# ASSIGNMENT
Only text is carried over. Reproduce the entries below exactly.

#### INFORMATION SHOWN ####

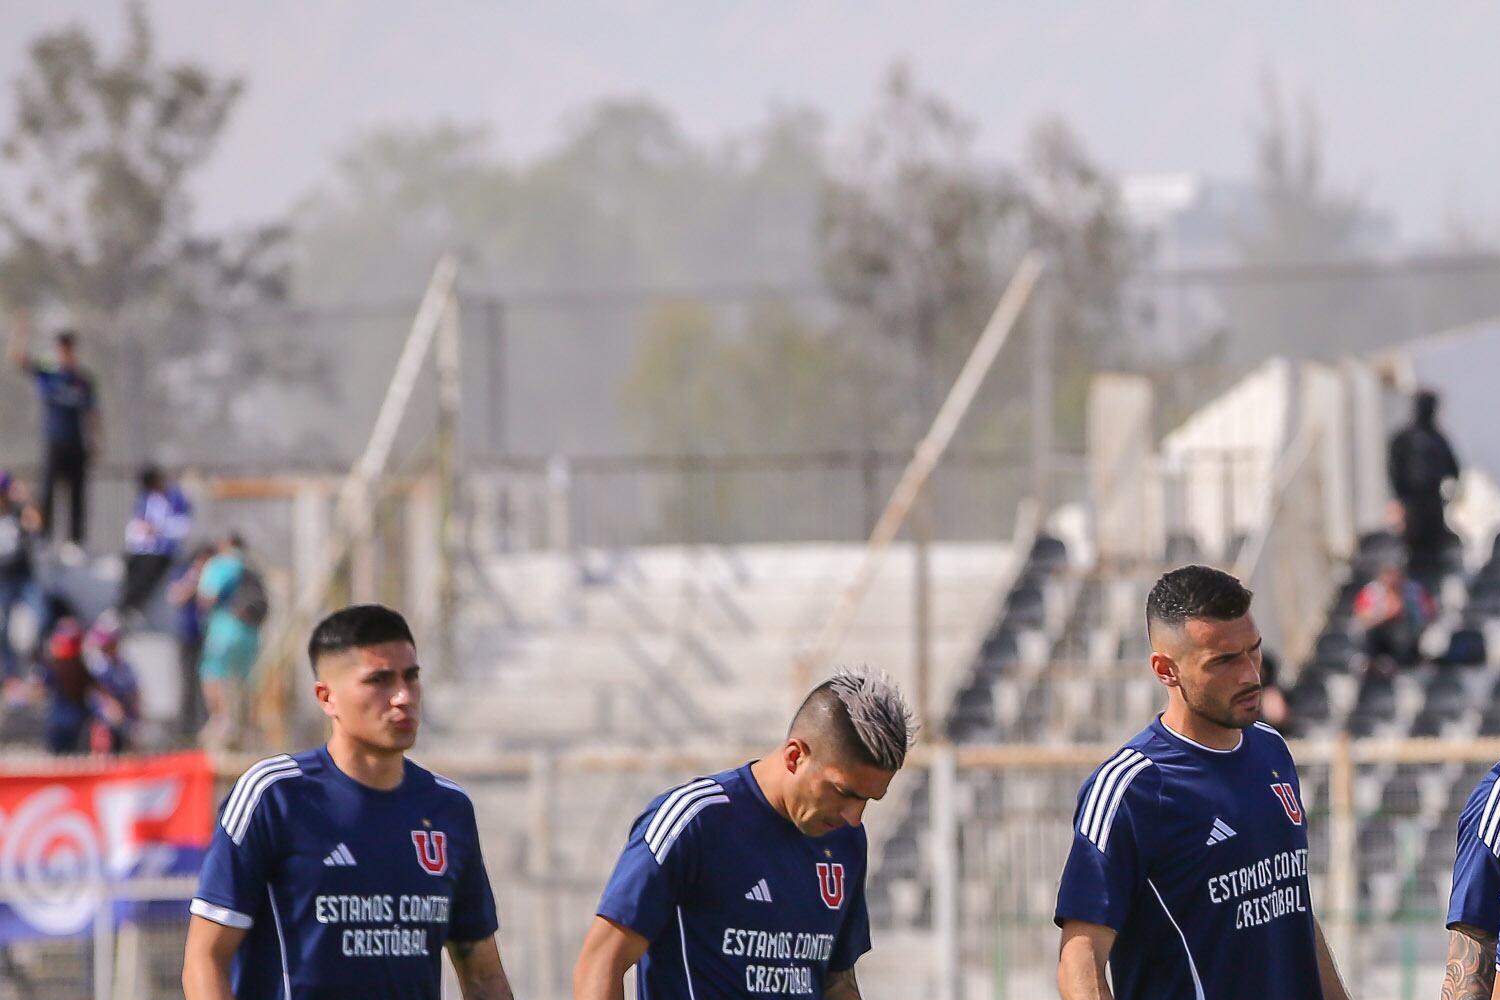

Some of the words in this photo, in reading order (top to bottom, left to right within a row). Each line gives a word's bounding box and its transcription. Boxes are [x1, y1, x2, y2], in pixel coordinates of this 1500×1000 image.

[1270, 783, 1302, 825] U
[411, 830, 447, 876] U
[816, 863, 844, 910] U
[1208, 858, 1271, 904] ESTAMOS
[316, 895, 394, 923] ESTAMOS
[1236, 885, 1306, 929] CRISTÓBAL
[342, 923, 429, 957] CRISTÓBAL
[722, 928, 792, 958] ESTAMOS
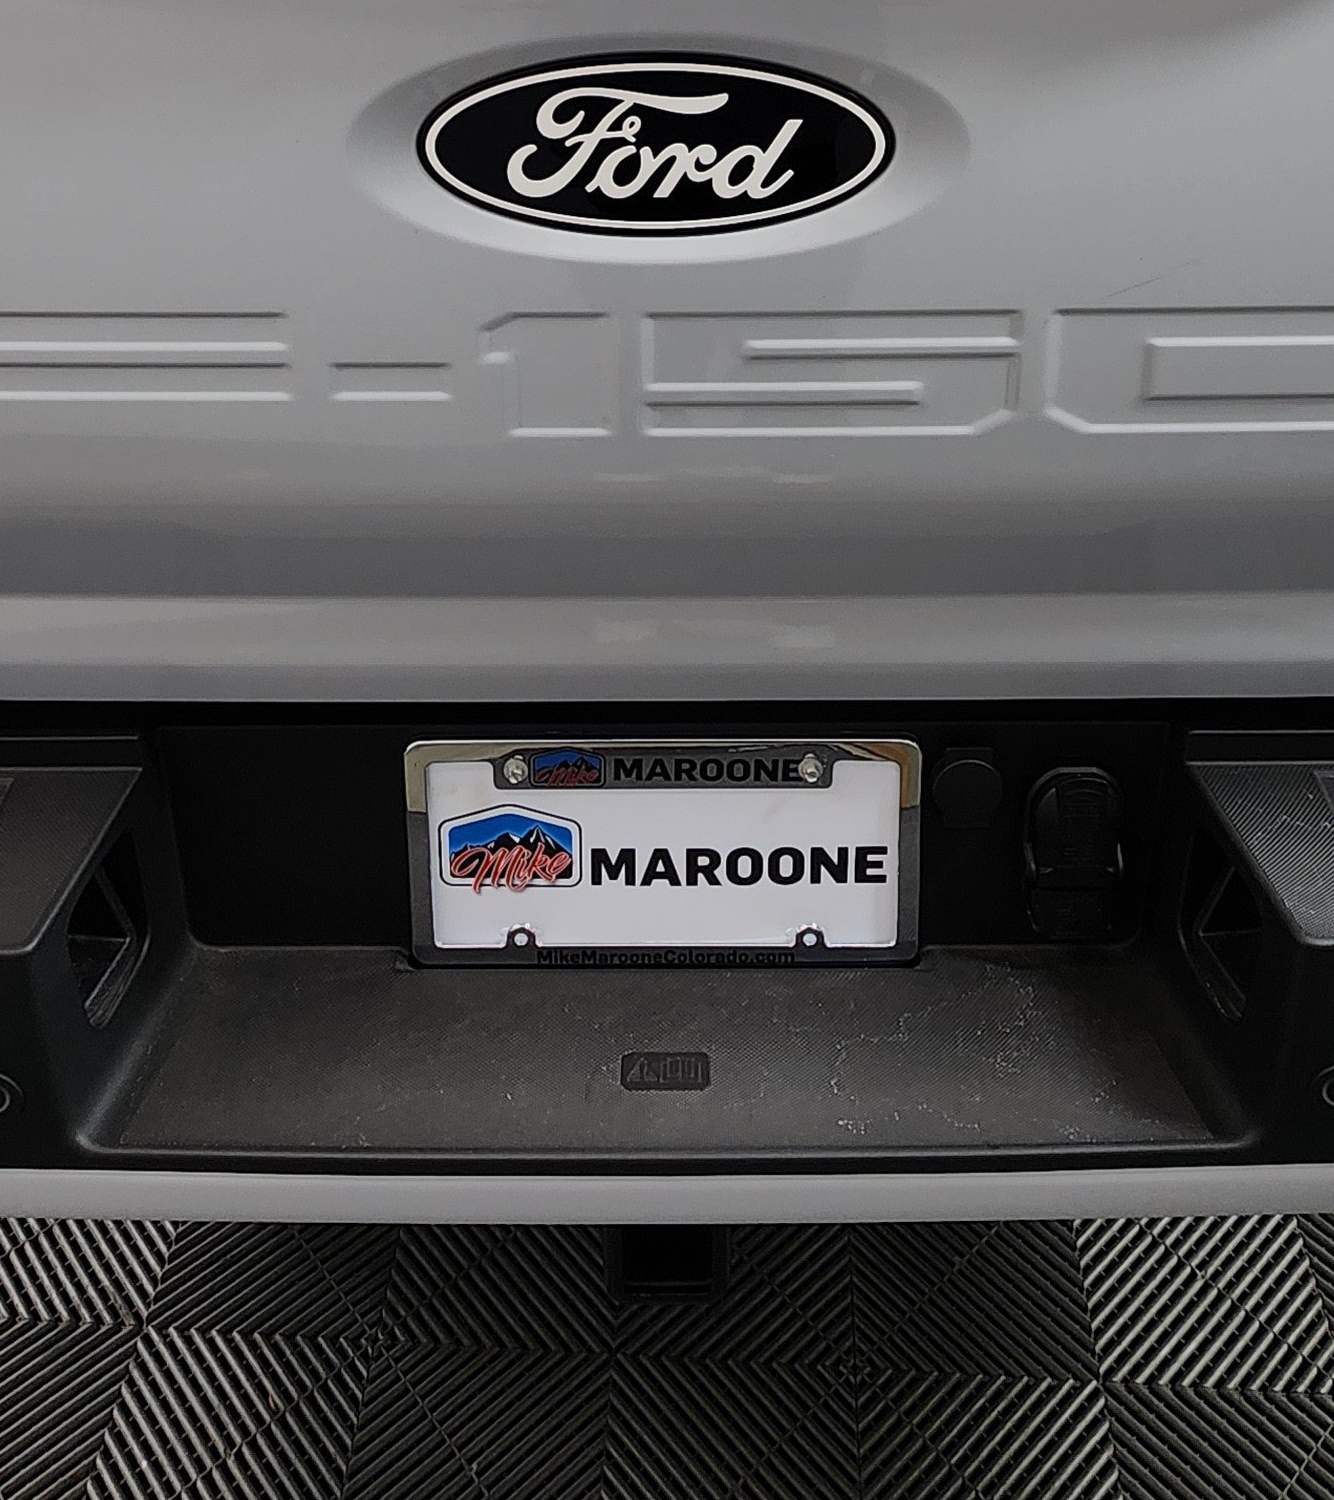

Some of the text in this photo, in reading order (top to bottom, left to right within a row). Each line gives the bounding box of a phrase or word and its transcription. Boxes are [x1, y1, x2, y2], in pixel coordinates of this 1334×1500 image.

####

# EXERCISE RESPONSE
Some of the words in this photo, in reading order (top to bottom, left to right within a row). Each line gives a word's bounding box and its transcription. Boxes are [x1, y1, x2, y2], in pixel coordinates of this 1500×1000 image.

[1270, 783, 1302, 825] U
[411, 830, 447, 876] U
[816, 863, 844, 910] U
[1208, 858, 1271, 904] ESTAMOS
[316, 895, 394, 923] ESTAMOS
[1236, 885, 1306, 929] CRISTÓBAL
[342, 923, 429, 957] CRISTÓBAL
[722, 928, 792, 958] ESTAMOS

Some of the text in this photo, in reading order (top to bottom, left to right within a row). Each line gives the bounding box of a phrase or word and its transcription. Boxes are [x1, y1, x2, y2], in pixel coordinates of this 1334×1500 image.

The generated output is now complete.